2014年12月8日月曜日

12月2日に思う

 1941(昭和16)年12月2日に生まれた。73歳になってこんなことを考えている。 
 
 経済学はアダム・スミスを父とし「国富論」を嚆矢として「見えざる手」によって市場が最適運用されると一般に考えられているがこれには重要な前提がある。産業革命後、キリスト教の倫理と「利潤」の相克を如何に調停するかが課題となったが、『利潤の私蔵を戒め追加投資(と分配)に利潤を転換』していくことを要諦として「利潤追求を資本主義経済の根本的動因」とすることが承認されるようになる。「見えざる手」が真実機能するのはこうした「了解事項の共有圏」においてであることが忘れられている。

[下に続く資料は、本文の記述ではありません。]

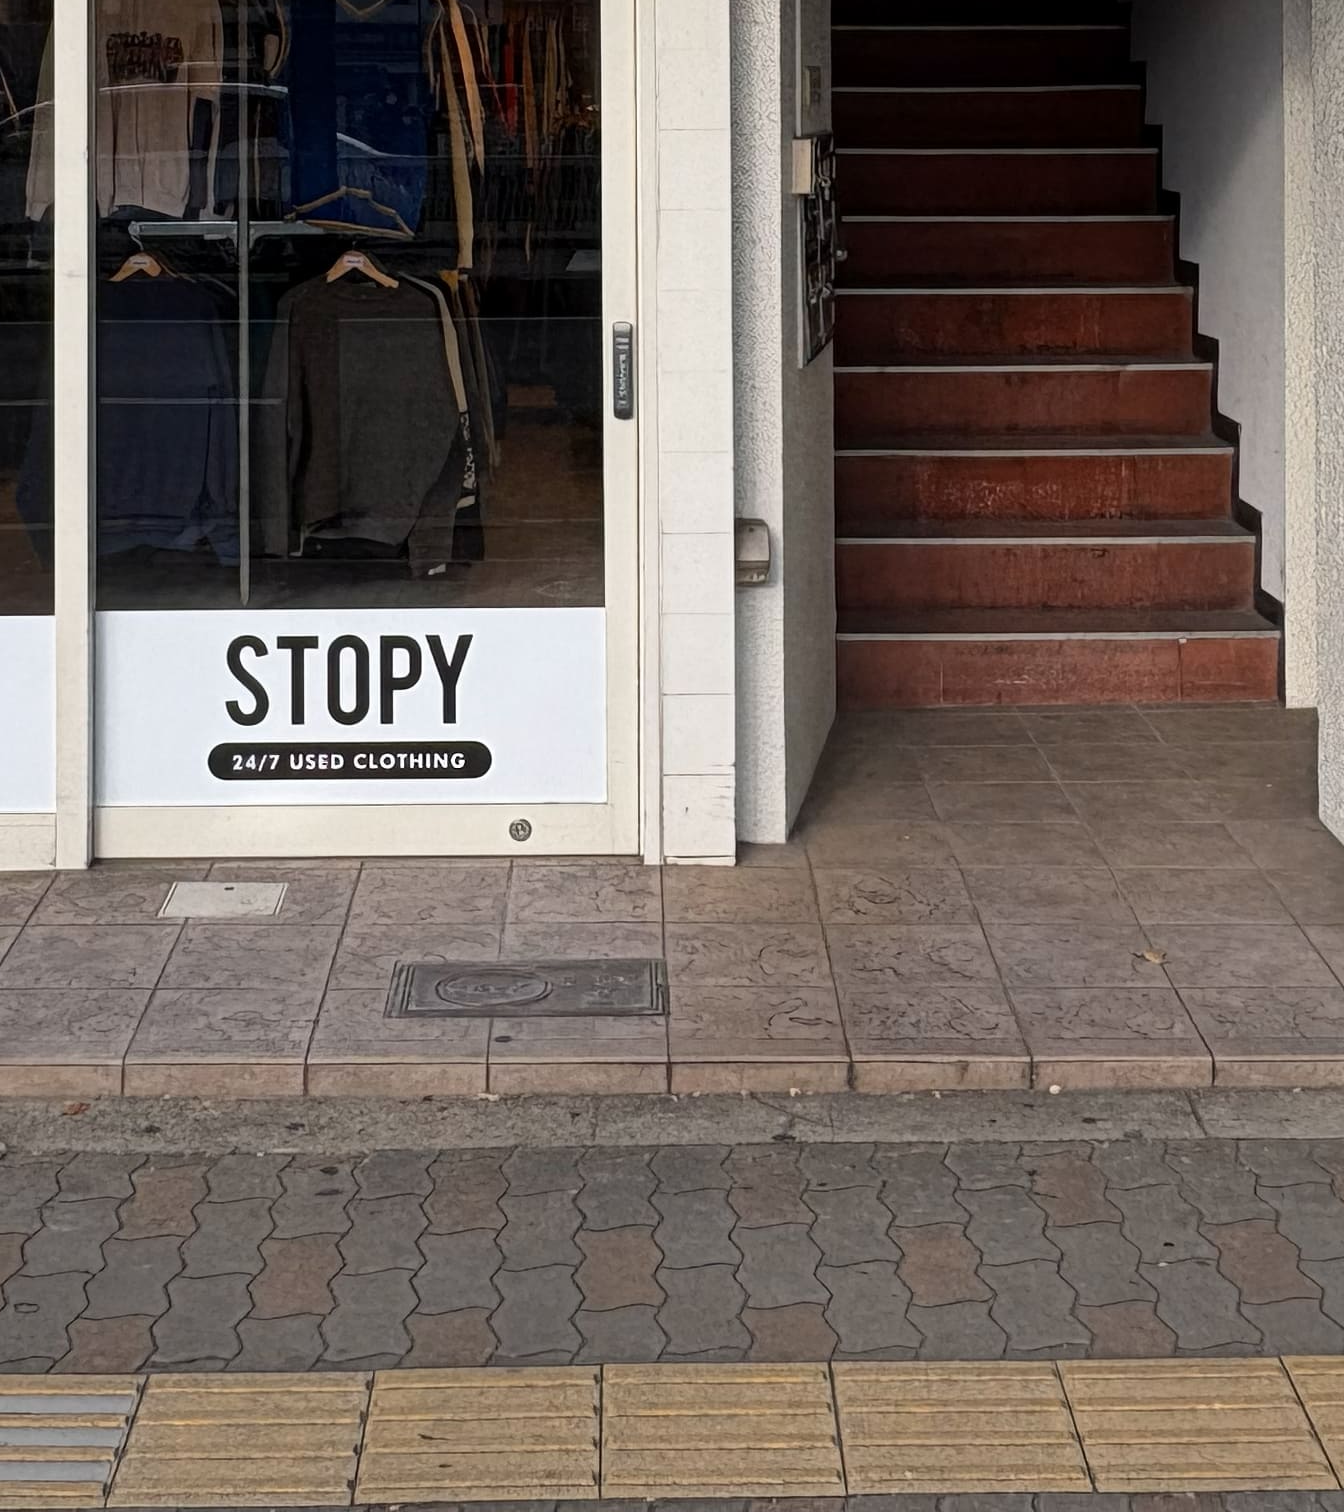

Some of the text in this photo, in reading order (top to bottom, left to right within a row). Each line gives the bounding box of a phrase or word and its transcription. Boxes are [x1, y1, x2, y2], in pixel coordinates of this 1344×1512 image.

[225, 634, 474, 727] STOPY
[230, 748, 465, 772] 24/7 USED CLOTHING

 資本主義経済は「有限な資源の最適利用」を市場を通じて行う経済といえる。19世紀後半に有力なNation-state(国民国家)が成立し「資源獲得競争」が発生、20世紀初頭に競争が激化して第1次世界大戦を惹起した。戦争による国土の破壊は「不況」を齎し戦争と戦争の間は「軍備の備蓄」が国富を侵食して、「不況」を常態化するようになる。戦争も軍備備蓄も資源と資金の市場からの収奪であり不競争下の非効率の拡大が結果として「不況」を必然化する。ケインズの「不況の経済学」は「20世紀という戦争の世紀」の生んだ経済学であった。

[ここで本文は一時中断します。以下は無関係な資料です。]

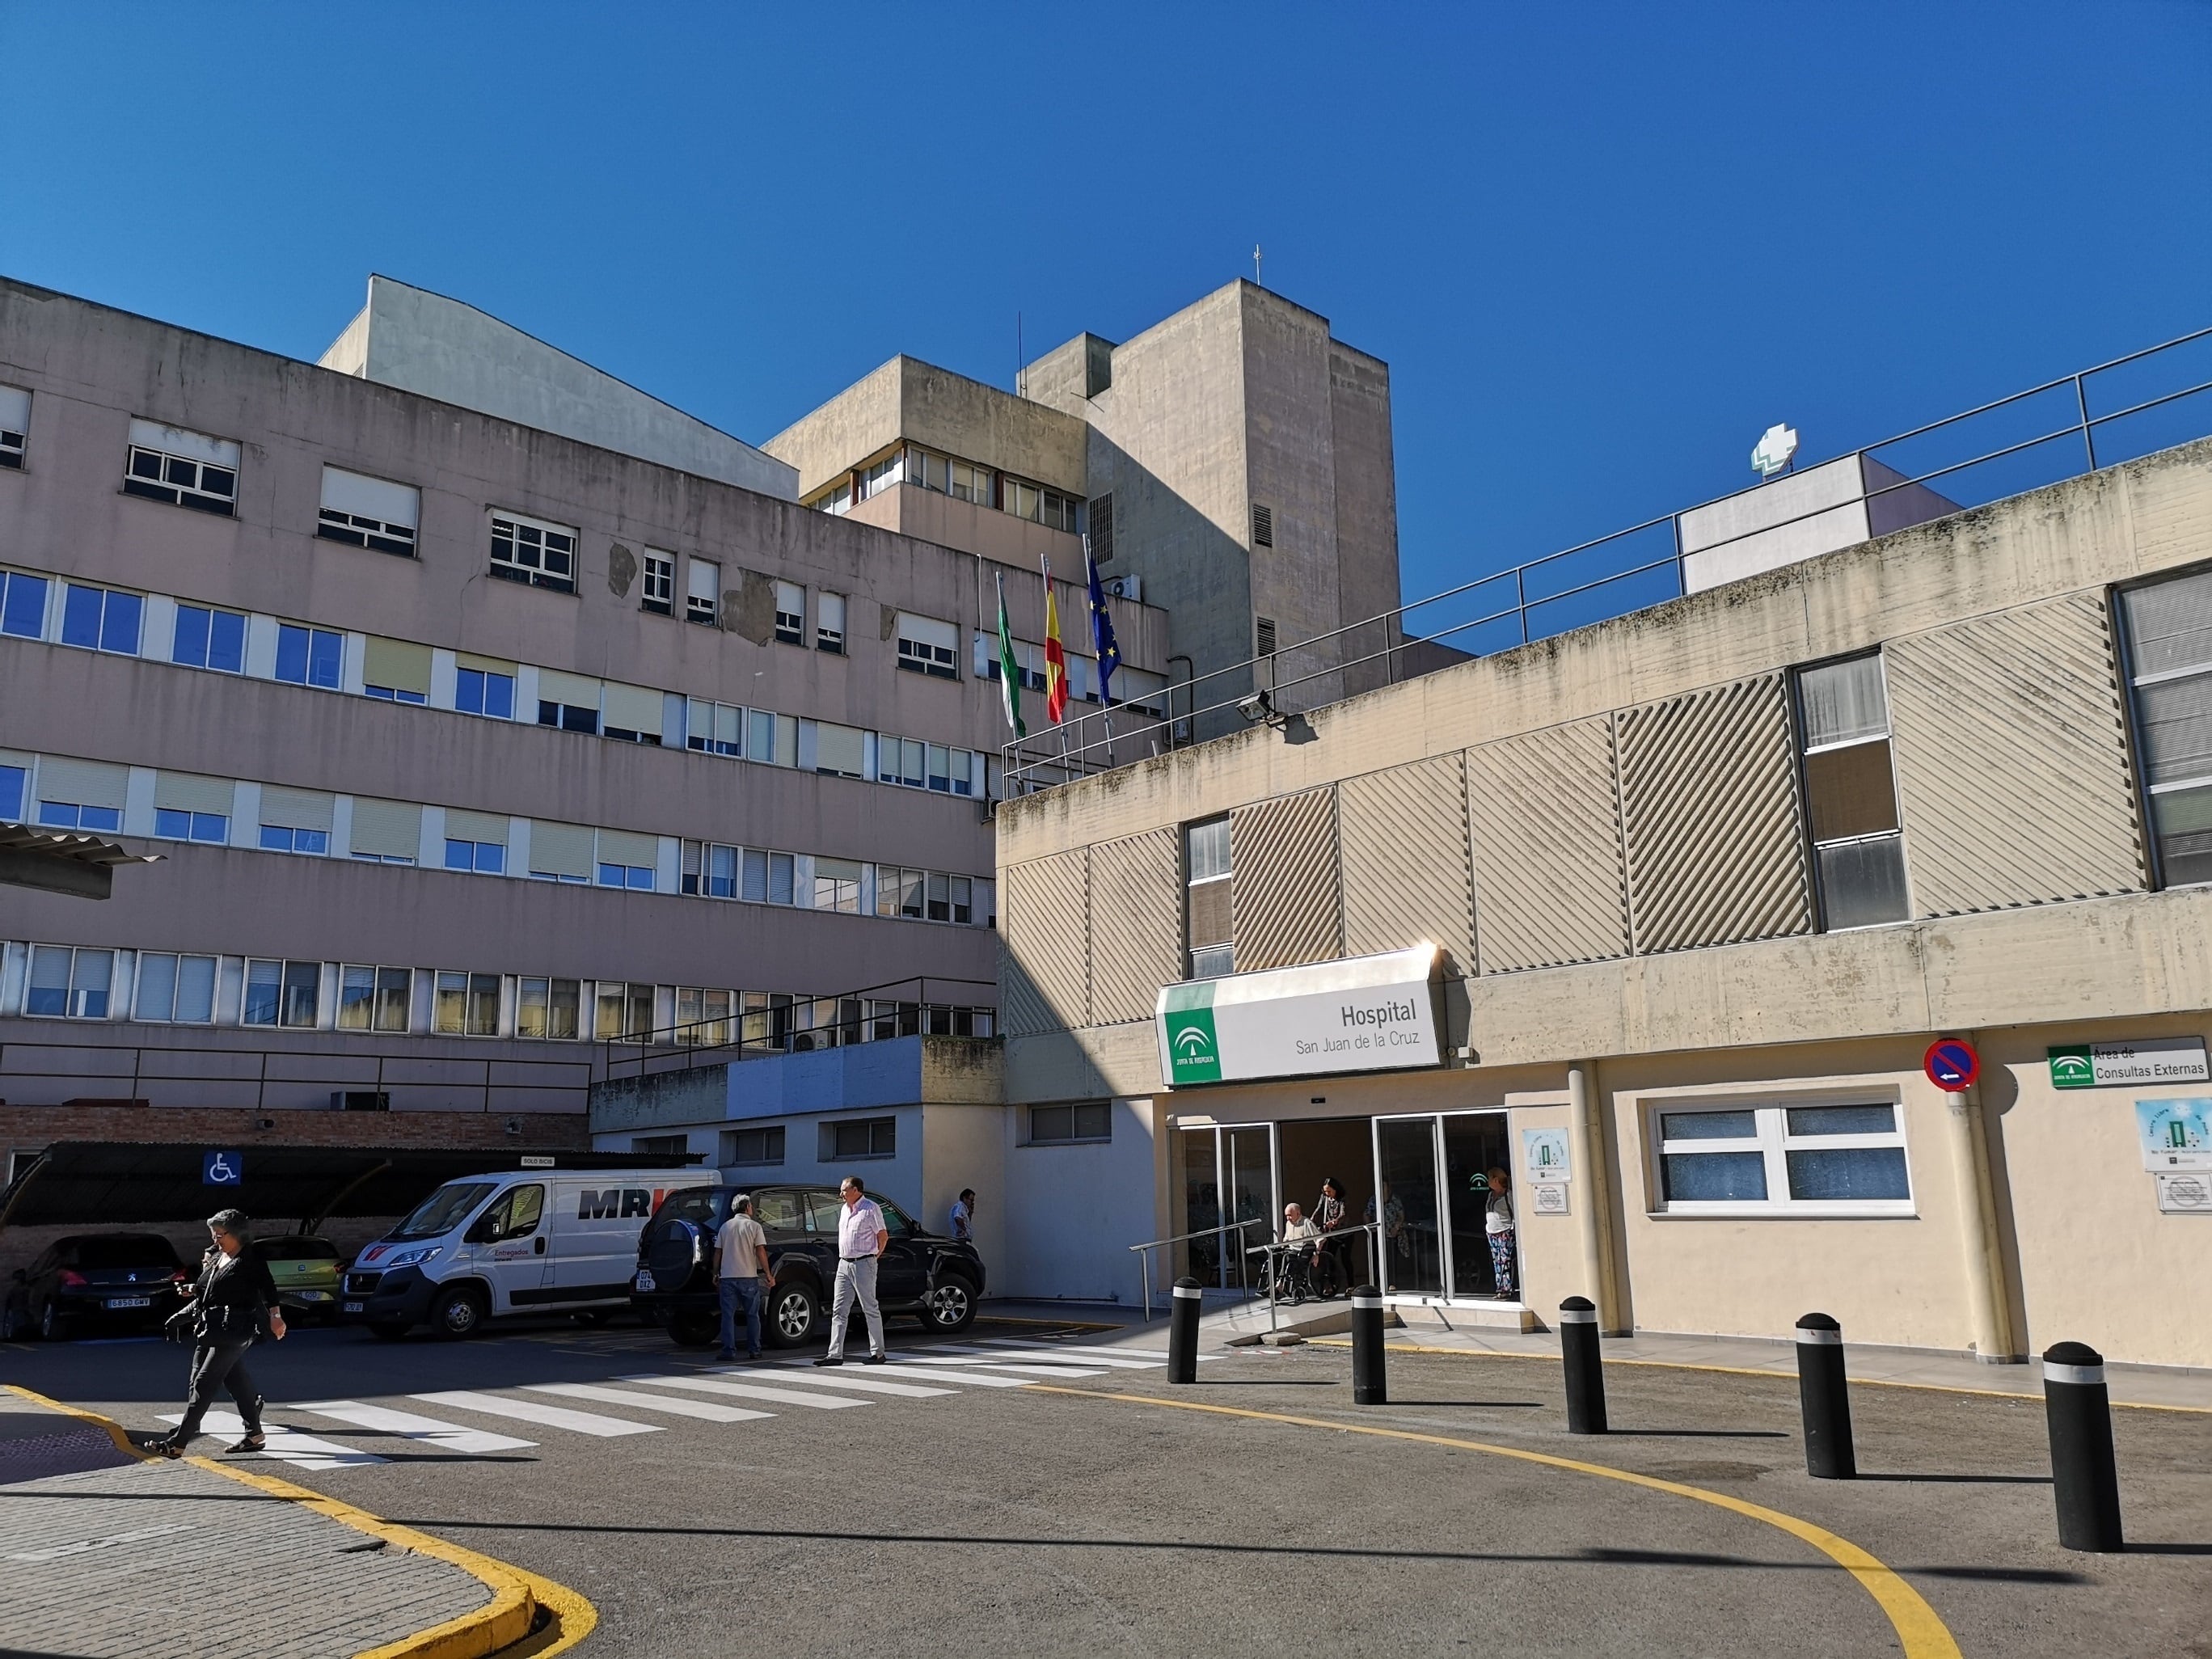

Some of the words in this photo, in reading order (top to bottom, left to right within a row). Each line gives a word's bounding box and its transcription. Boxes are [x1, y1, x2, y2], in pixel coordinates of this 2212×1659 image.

[1341, 998, 1416, 1028] Hospital
[1296, 1040, 1319, 1054] San
[1323, 1037, 1350, 1053] Juan
[1354, 1034, 1370, 1049] de
[1374, 1032, 1385, 1047] la
[1390, 1030, 1420, 1046] Cruz
[2094, 1046, 2119, 1060] Área
[2121, 1047, 2135, 1058] de
[2096, 1066, 2151, 1079] Consultas
[2154, 1064, 2205, 1076] Externas
[578, 1188, 680, 1219] MR

 21世紀は「グローバル化」の時代でありNation-state(国民国家)『群』が「有限な資源」を必要とする結果これまでのように『限られた』有力国民国家の「無制限の資源利用」による「最適化=効率の追求」は不可能になる。市場機能を絶対とした資本主義自由経済は修正を迫られている。数年前の世界的金融危機に起因して世界的な「低成長時代」を迎えているが、先進国においては「格差の拡大」が「利潤の私蔵」を極大化すると共に「企業利潤の再投資と分配」が十分でないから成長力が低下するのであり、新興国は獲得資源と流入資金の不足が成長を制限している。
 宇沢弘文のいう「自然・インフラ・制度(教育・医療・金融)=社会的共通資本」の「市場メカニズムとの調整」を如何に実現するかがグローバル時代の資本主義の在り方に繋がるに違いない。
 
 我国の混迷は安倍首相の年末解散によってその極に達している。何故に斯くも無惨な世態を招来したのであろうか。思うにその淵源は明治維新にあり「近代化=西欧化」を無批判に受容れ追求してきたことにあるのではないか。そして先人は早くにそれを啓発している。
 「数え年八つの娘」の「わかる」とか「わからない」という発言が、聖書の意味が「わかる」ということにおいて、何の関係があるのだろうか。本来が、聖書は、聖書の意味は、「数え年八つの娘」には「わからない」ものである。「わからない」で当たり前である。(略)日本の「近代」とは、人間の基軸をいわば「数え年八つの娘」に置いた時代であったのではなかったろうか。(略)この決定的な誤りが、「近代」の誤りではなかったであろうか。(略)もはや現代においては人間そのものが、人間の中の「八つの娘」的部分と等しくなってしまいつつあるように思われるが、そしていったん、人間の基軸がこのようにずれてしまうと、とどまるところを知らず人間は限りなく幼稚化していき、それは風俗面において最もどぎつく現れてくることになるのである(新保祐司著「内村鑑三」より)。先進する西欧文明をその基底にある倫理や哲学を抜きにして摂取し拙速に追及してきたことを改悛すべきである。
 蓋し賃金及び俸給はその結果が具体的なる、把握し得べき、量定し得べき仕事に対してのみ支払はれ得る。然るに教育に於いて為される最善の仕事―則ち霊魂の啓発(僧侶の仕事を含む)は、具体的、把握的、量定的でない。量定し得ざるものであるから、価値の外見的尺度たる貨幣を用ふるに適しないのである。弟子が一年中或る季節に金品を師に贈ることは慣例上認められたが、之は支払いではなくして献げ物であった。従って通常厳正なる性行の人として清貧を誇り、手を以て労働するには余りに威厳を保ち、物乞ひするには余りに自尊心の強き師も、事実喜んで之を受けたのである。(新渡戸稲造著「武士道」より)。社会的共通資本の市場との調整、企業利潤の再投資の円滑化多様化と公正な分配を模索する必要がある。
 科学は自然の実態を探るとはいうものの、けっきょく広い意味での人間の利益に役だつように見た自然の姿が、すなわち科学の眼で見た自然の実態なのである(略)自然というものは、広大無辺のもので、その中から科学の方法に適した現象を抜き出して調べる。それでそういう方法に適した面が発達するのである(中谷宇吉郎著「科学の方法」より)。使用済み核燃料の処理方法も廃炉技術も確立することなく原発を実用化したことや過剰な検査と投薬に依存する医療制度を齎したのは科学を盲信した酬いであろう。
 
 馬齢を重ねた老書生、73歳の妄言である。